Rape is undoubtedly a serious crime. No member has argued differently and I do not expect any member to do so. It is regrettable that rape conviction rates are low. However, the prime reason for that is the lack of witnesses or corroborating evidence. Having a low conviction rate—as sad as that is—is no excuse for punishing the accused, who remain innocent until proven guilty. Phil Gallie outlined some of the many cases in which men have been unjustly accused of rape and have had their lives deeply affected by those false accusations. Some of those men took their lives.
Because rape is a heinous crime that involves sex, it is widely reported. Moreover, because a rape case often involves one person's word against another, even a finding of not guilty can leave doubts in people's minds.
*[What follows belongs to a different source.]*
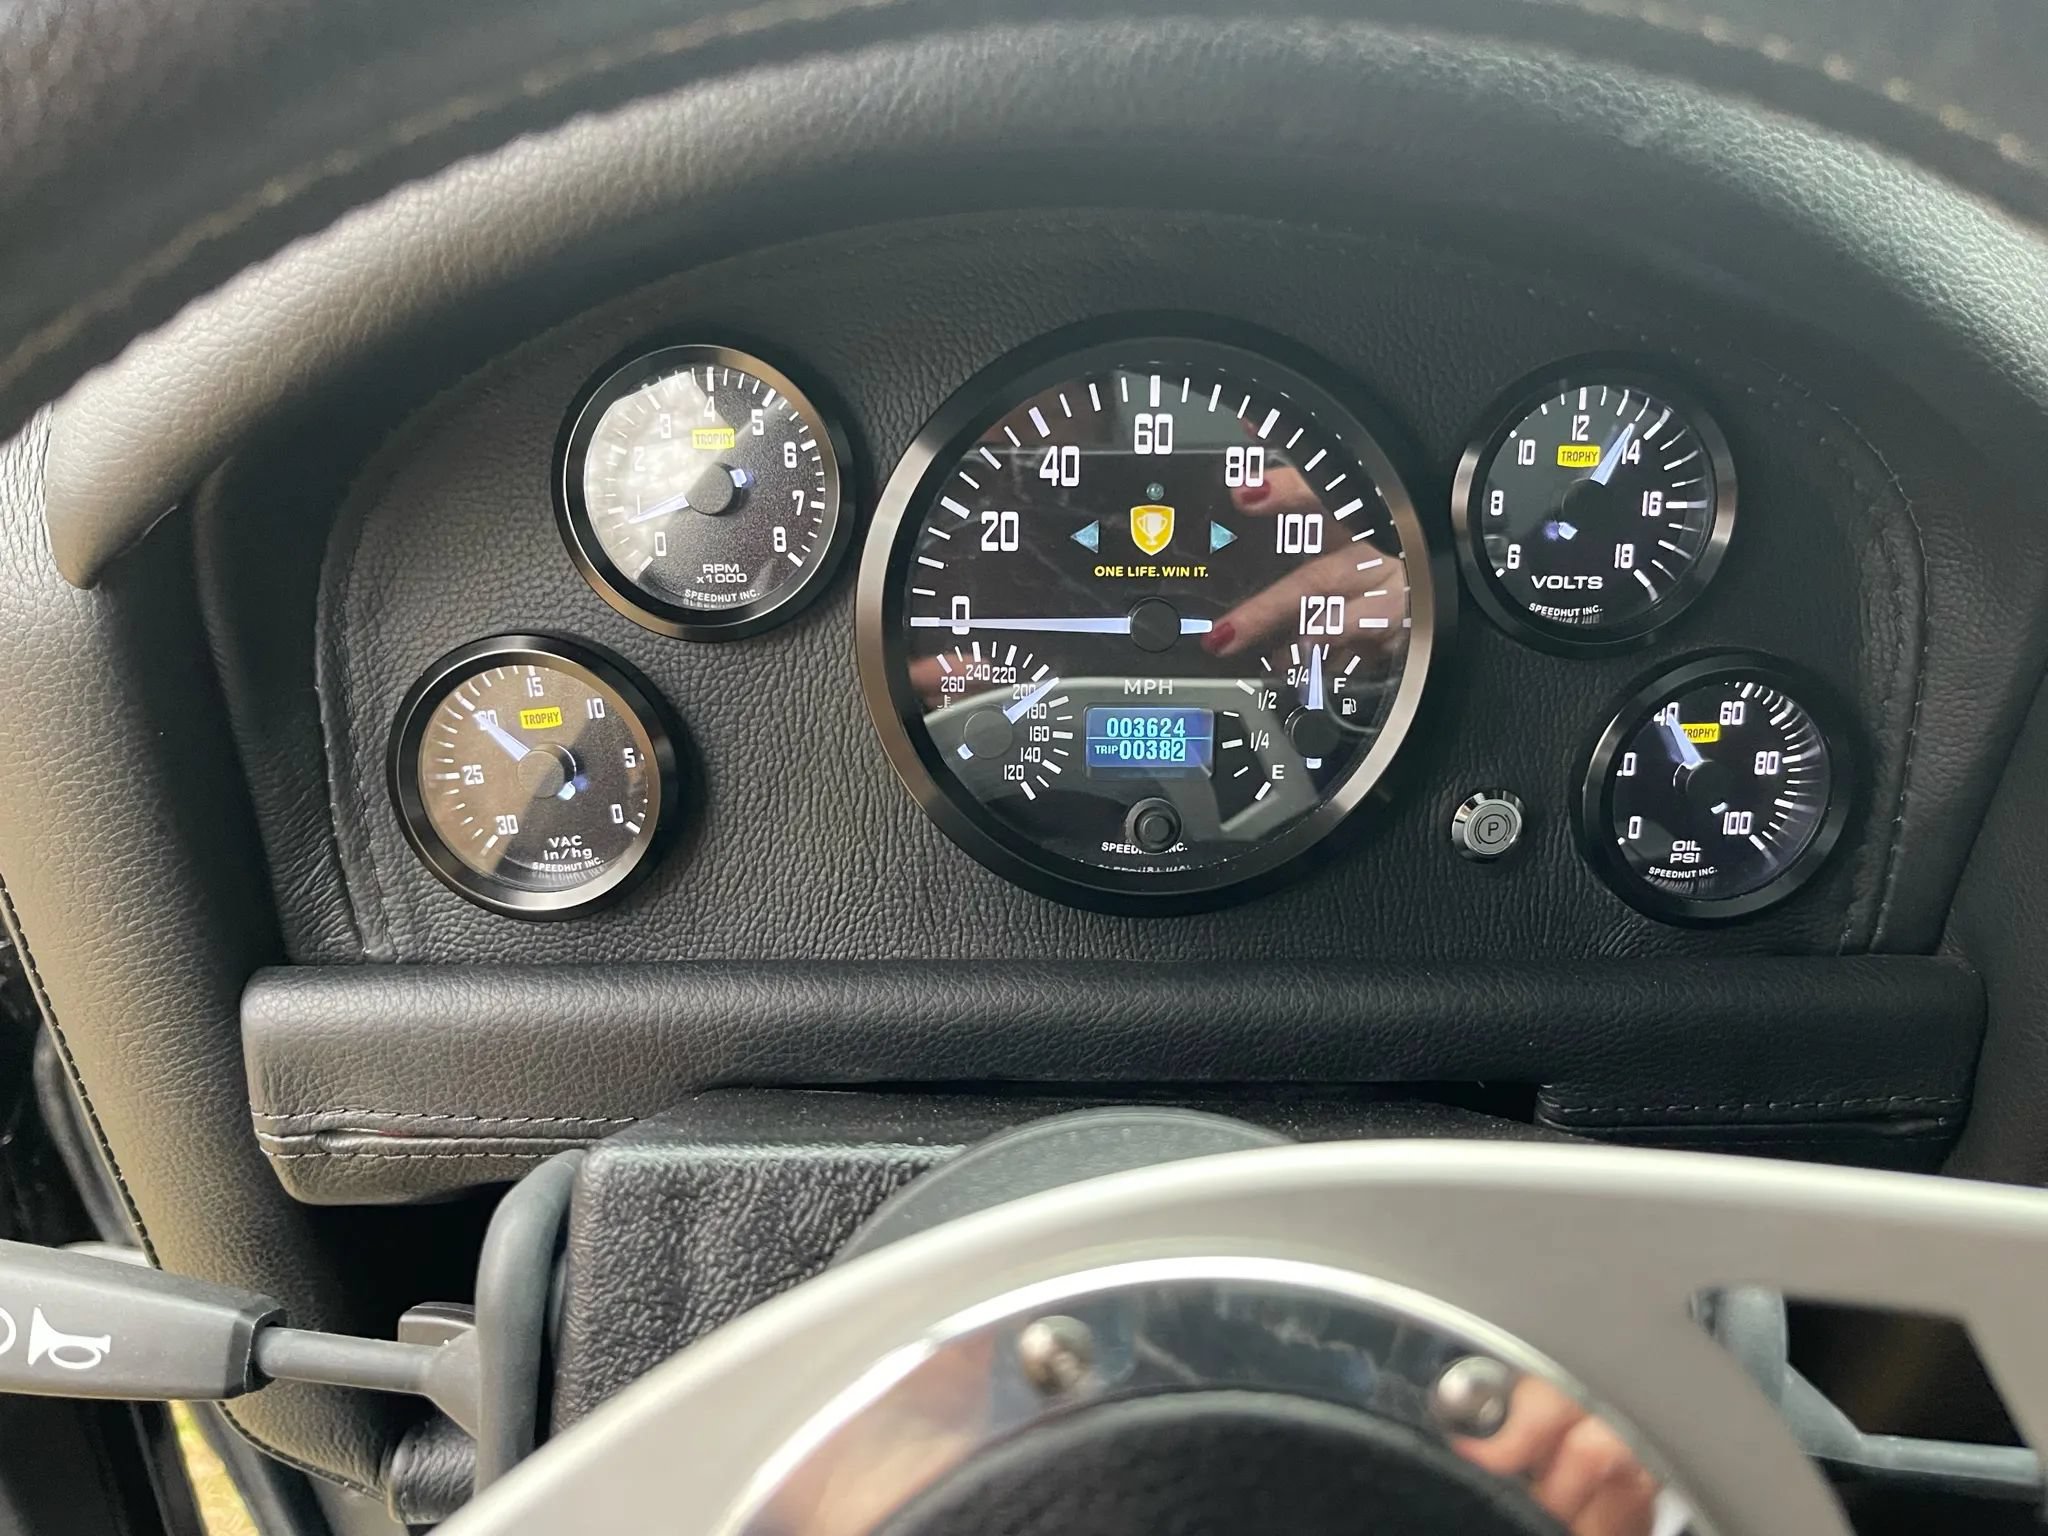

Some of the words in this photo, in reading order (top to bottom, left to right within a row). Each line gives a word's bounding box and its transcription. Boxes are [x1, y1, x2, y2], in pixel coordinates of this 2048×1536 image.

That can cause immense damage to reputations and lives.
Let us compare rape cases with less heinous but nonetheless serious cases that involve crimes such as burglary and car theft. In those other cases, the public knowledge of a verdict of innocence is not generally damaging to the person who was accused. Even being found guilty in such cases and serving a conviction can be less damaging for the accused than when an accused is found innocent in a high-profile rape case.
I wonder whether Mr Monteith is not in imminent danger of suggesting that we ought not to take rape cases to trial at all because the accusation of rape is so damaging to someone. Everyone is aware of that fact. Does he agree that part of the reasoning behind the position that we are discussing is a belief that it is more likely that a woman will lie about rape than
I have never heard anything so preposterous. The reason why we grant anonymity to the alleged victim is to ensure that they feel comfortable about coming forward. Phil Gallie's proposal relates to the crime of rape and not to murder or other crimes because anonymity exists for the alleged victim of rape. Like Phil Gallie and many others, I do not believe that the granting of anonymity to people who have been accused of rape will open any floodgates. We do not see people battering down the doors of Parliament requesting anonymity for victims of other crimes. Likewise, I do not expect that people will say that there should be anonymity for people who are accused of other crimes. Rape is a special and particularly nasty crime that we have decided to treat differently because of the difficulty of bringing the prosecution. However, because of the often damaging outcome for those who have been found innocent, it is worth providing anonymity for the accused.
My experience of serving on committees does not convince me that stage 2 offers the opportunity for great scrutiny. Stage 2 is whipped and is often quick. I suggest that stage 3, which takes place in a meeting of the whole Parliament, provides for better debate than stage 2 in committee. I have no difficulty with members of any party lodging amendments—serious or not—at any time. Members are allowed to do that and I applaud Phil Gallie for lodging amendment 10. I cannot say why it was not lodged earlier, but it is wrong to suggest that it should have been lodged earlier. Many of us have lodged amendments that have been disagreed to by a small number in committee even though we know that the amendment would have had more support at stage 3.
Surely the point of stage 1 and stage 2 is to bring forward evidence and find out what the various bodies who would be affected by the legislation think about the amendments. That is the point of the exercise, not the decision that is made at stage 2. Members have the opportunity to bring the subject of the amendment back to the chamber in another amendment at stage 3.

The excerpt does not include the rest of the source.